BGH, 24.06.2010 - III ZR 217/09 - Entrichtung einer geschuldeten Fallpauschale an einen Insolvenzverwalter in der Insolvenz einer Personal-Service-Agentur bei Verpflichtung der Agentur zur Einstellung von zuvor arbeitslosen Arbeitnehmern in sozialversicherungspflichtige, nach einem Tarifvertrag zu vergütende Beschäftigungsverhältnisse

Bundesgerichtshof
Beschl. v. 24.06.2010, Az.: III ZR 217/09
Gericht: BGH
Entscheidungsform: Beschluss
Datum: 24.06.2010
Referenz: JurionRS 2010, 19567
Aktenzeichen: III ZR 217/09
 

Verfahrensgang:

vorgehend:

LG Koblenz - 23.12.2008 - AZ: 5 O 604/07

OLG Koblenz - 23.07.2009 - AZ: 5 U 105/09

Fundstelle:

NZI 2010, 872-873

Redaktioneller Leitsatz:

Die Bundesagentur für Arbeit hat in der Insolvenz einer Personal-Service-Agentur die von ihr geschuldete Fallpauschale nicht an den Insolvenzverwalter zu entrichten, wenn die Personal-Service-Agentur keine Lohnzahlungen an die Arbeitnehmer erbracht hat, die vertraglich im Gegenseitigkeitsverhältnis zur Zahlung der Pauschale stehen.
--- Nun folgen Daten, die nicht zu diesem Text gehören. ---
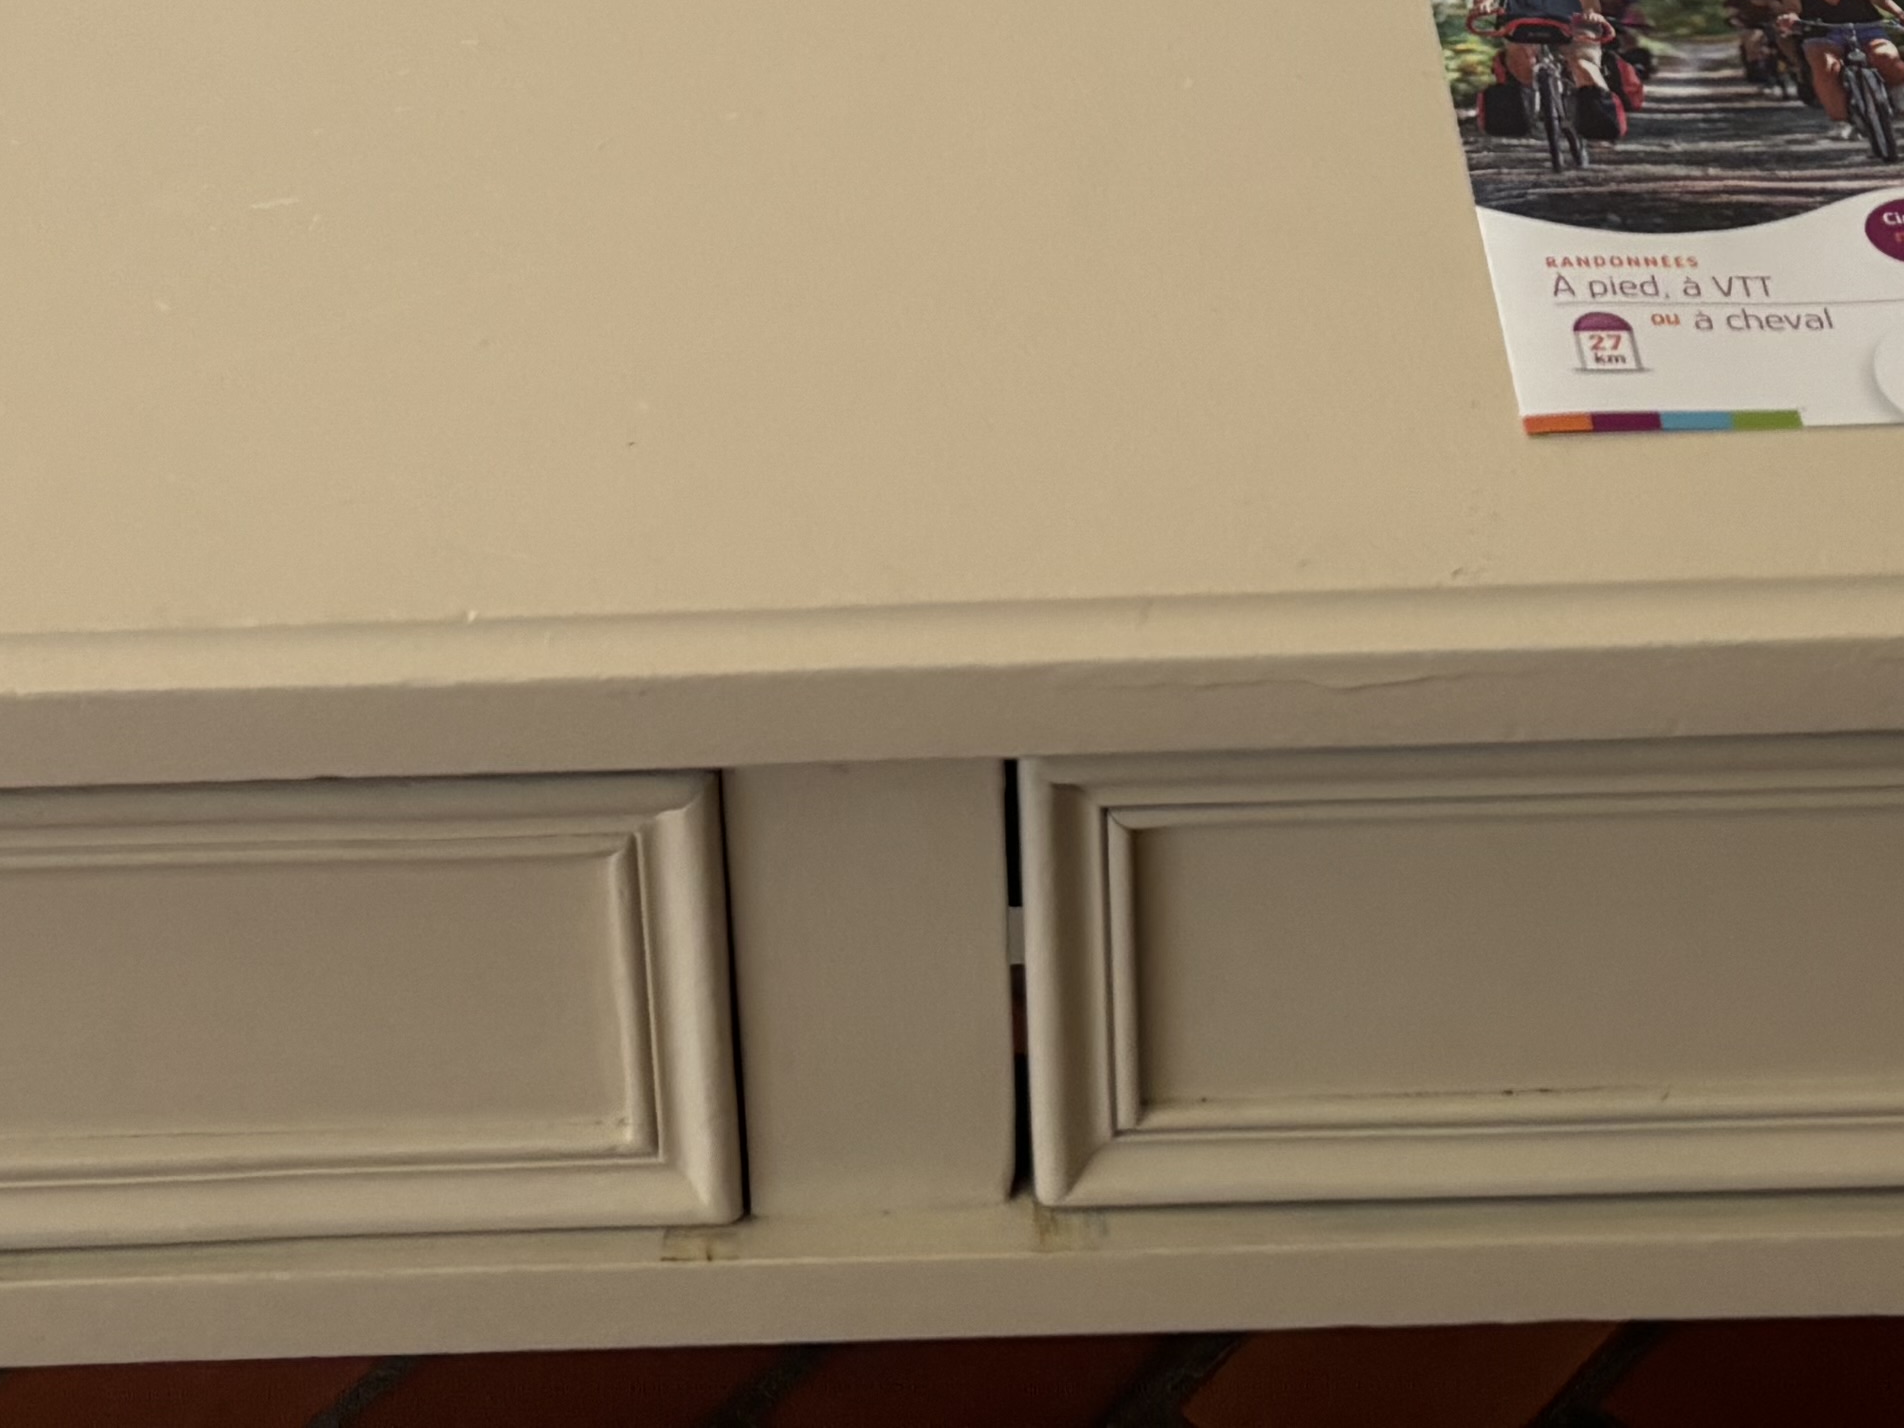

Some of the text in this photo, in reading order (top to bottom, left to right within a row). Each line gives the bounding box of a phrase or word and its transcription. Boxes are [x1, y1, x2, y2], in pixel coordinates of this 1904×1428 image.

Der III. Zivilsenat des Bundesgerichtshofs hat
am 24. Juni 2010
durch
den Vizepräsidenten Schlick und
die Richter Dörr, Dr. Herrmann, Hucke und Tombrink
beschlossen:

Tenor:

Der Senat beabsichtigt, die Revision des Klägers gegen das Urteil des 5. Zivilsenats des Oberlandesgerichts Koblenz vom 23. Juli 2009 - 5 U 105/09 - gemäß § 552a Satz 1 ZPO zurückzuweisen.

Es besteht Gelegenheit zur Stellungnahme innerhalb eines Monats nach Zustellung dieses Beschlusses.